▶ **Text-to-region grounding data**:
-------

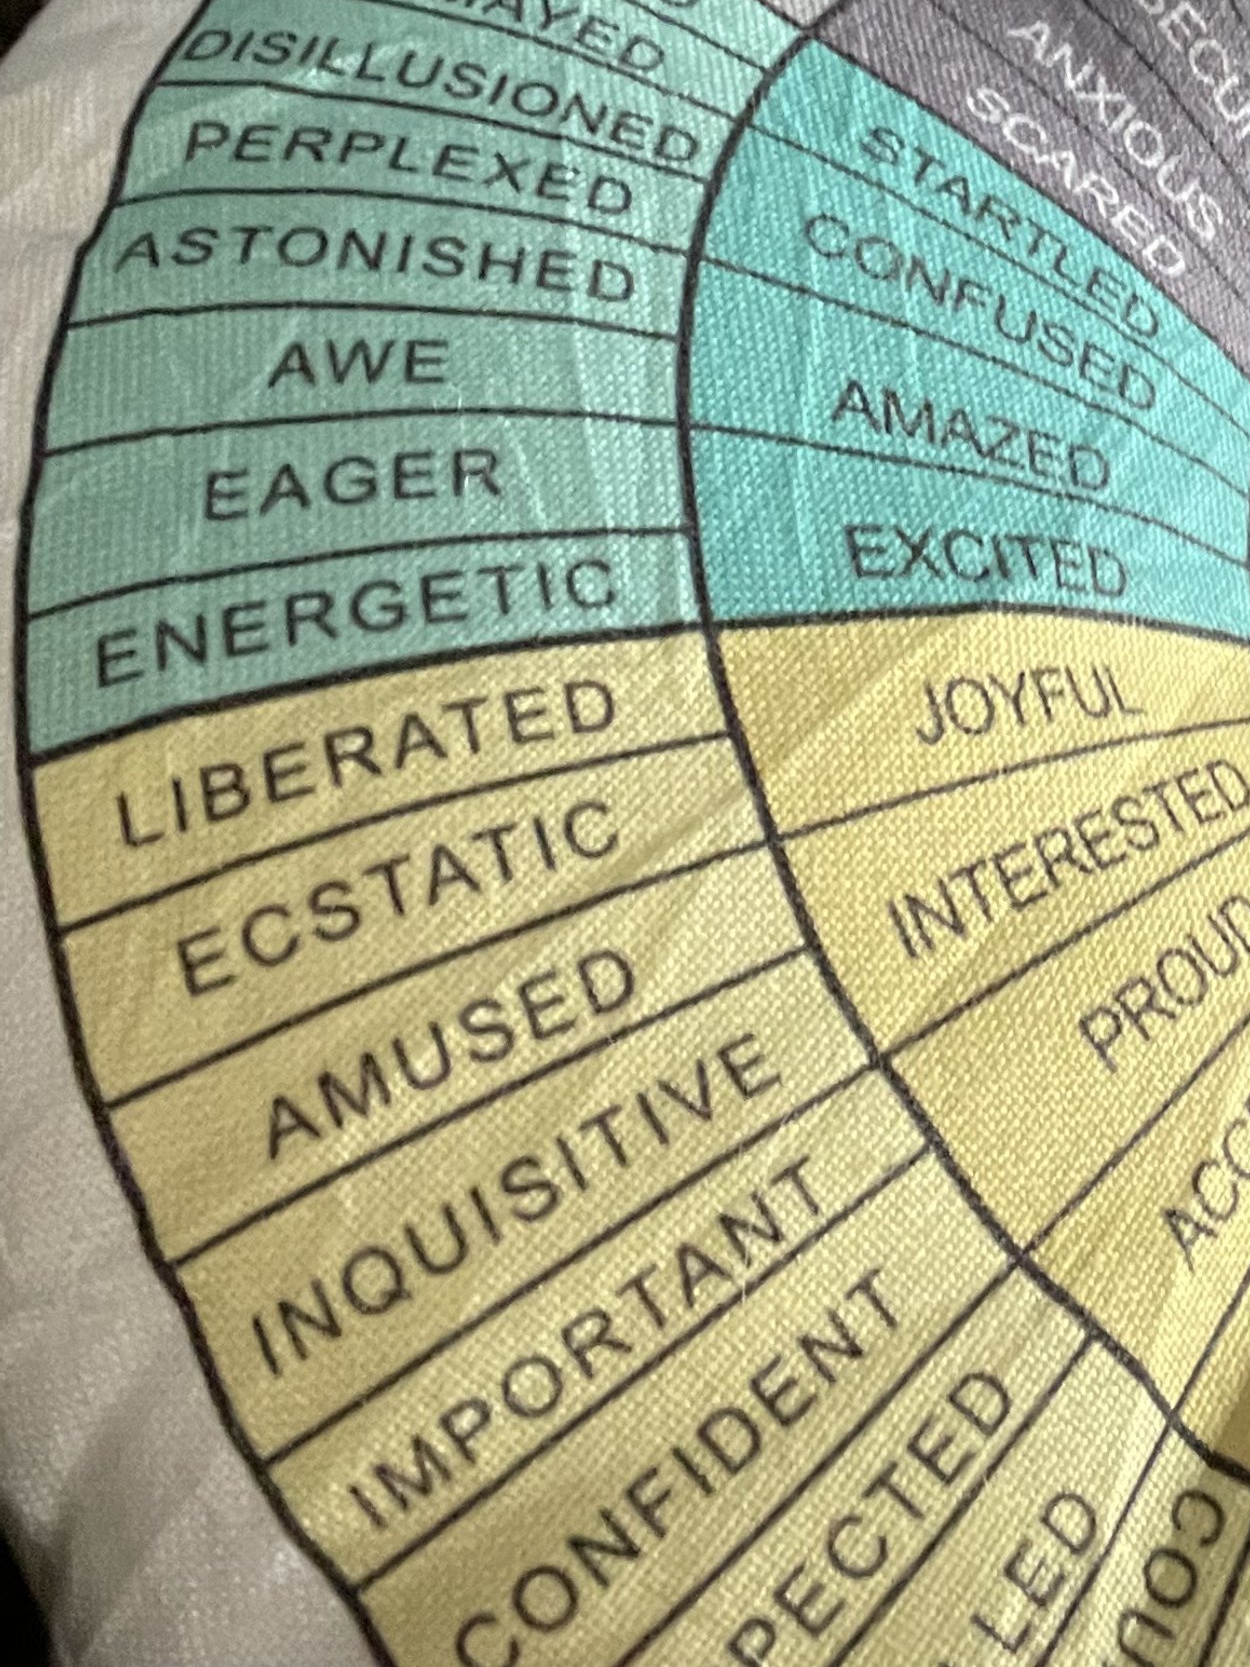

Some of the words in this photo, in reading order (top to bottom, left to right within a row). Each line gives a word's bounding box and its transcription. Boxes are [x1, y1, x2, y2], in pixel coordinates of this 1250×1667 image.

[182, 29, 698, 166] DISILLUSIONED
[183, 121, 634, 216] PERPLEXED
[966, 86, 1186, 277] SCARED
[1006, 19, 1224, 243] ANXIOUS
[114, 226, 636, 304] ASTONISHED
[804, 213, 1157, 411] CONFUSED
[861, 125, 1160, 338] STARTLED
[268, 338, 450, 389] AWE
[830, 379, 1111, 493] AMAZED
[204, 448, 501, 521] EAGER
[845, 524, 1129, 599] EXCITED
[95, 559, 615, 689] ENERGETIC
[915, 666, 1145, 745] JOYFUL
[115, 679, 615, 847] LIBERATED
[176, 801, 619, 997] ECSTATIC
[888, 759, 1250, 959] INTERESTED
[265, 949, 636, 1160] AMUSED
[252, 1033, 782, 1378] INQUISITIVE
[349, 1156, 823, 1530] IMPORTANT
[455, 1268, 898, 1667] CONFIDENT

-------

▶ **TASK GOAL**: Apart from the pictures, all of the data should be repeated exactly.

▶ **TASK RESULT**:
Some of the words in this photo, in reading order (top to bottom, left to right within a row). Each line gives a word's bounding box and its transcription. Boxes are [x1, y1, x2, y2], in pixel coordinates of this 1250×1667 image.

[182, 29, 698, 166] DISILLUSIONED
[183, 121, 634, 216] PERPLEXED
[966, 86, 1186, 277] SCARED
[1006, 19, 1224, 243] ANXIOUS
[114, 226, 636, 304] ASTONISHED
[804, 213, 1157, 411] CONFUSED
[861, 125, 1160, 338] STARTLED
[268, 338, 450, 389] AWE
[830, 379, 1111, 493] AMAZED
[204, 448, 501, 521] EAGER
[845, 524, 1129, 599] EXCITED
[95, 559, 615, 689] ENERGETIC
[915, 666, 1145, 745] JOYFUL
[115, 679, 615, 847] LIBERATED
[176, 801, 619, 997] ECSTATIC
[888, 759, 1250, 959] INTERESTED
[265, 949, 636, 1160] AMUSED
[252, 1033, 782, 1378] INQUISITIVE
[349, 1156, 823, 1530] IMPORTANT
[455, 1268, 898, 1667] CONFIDENT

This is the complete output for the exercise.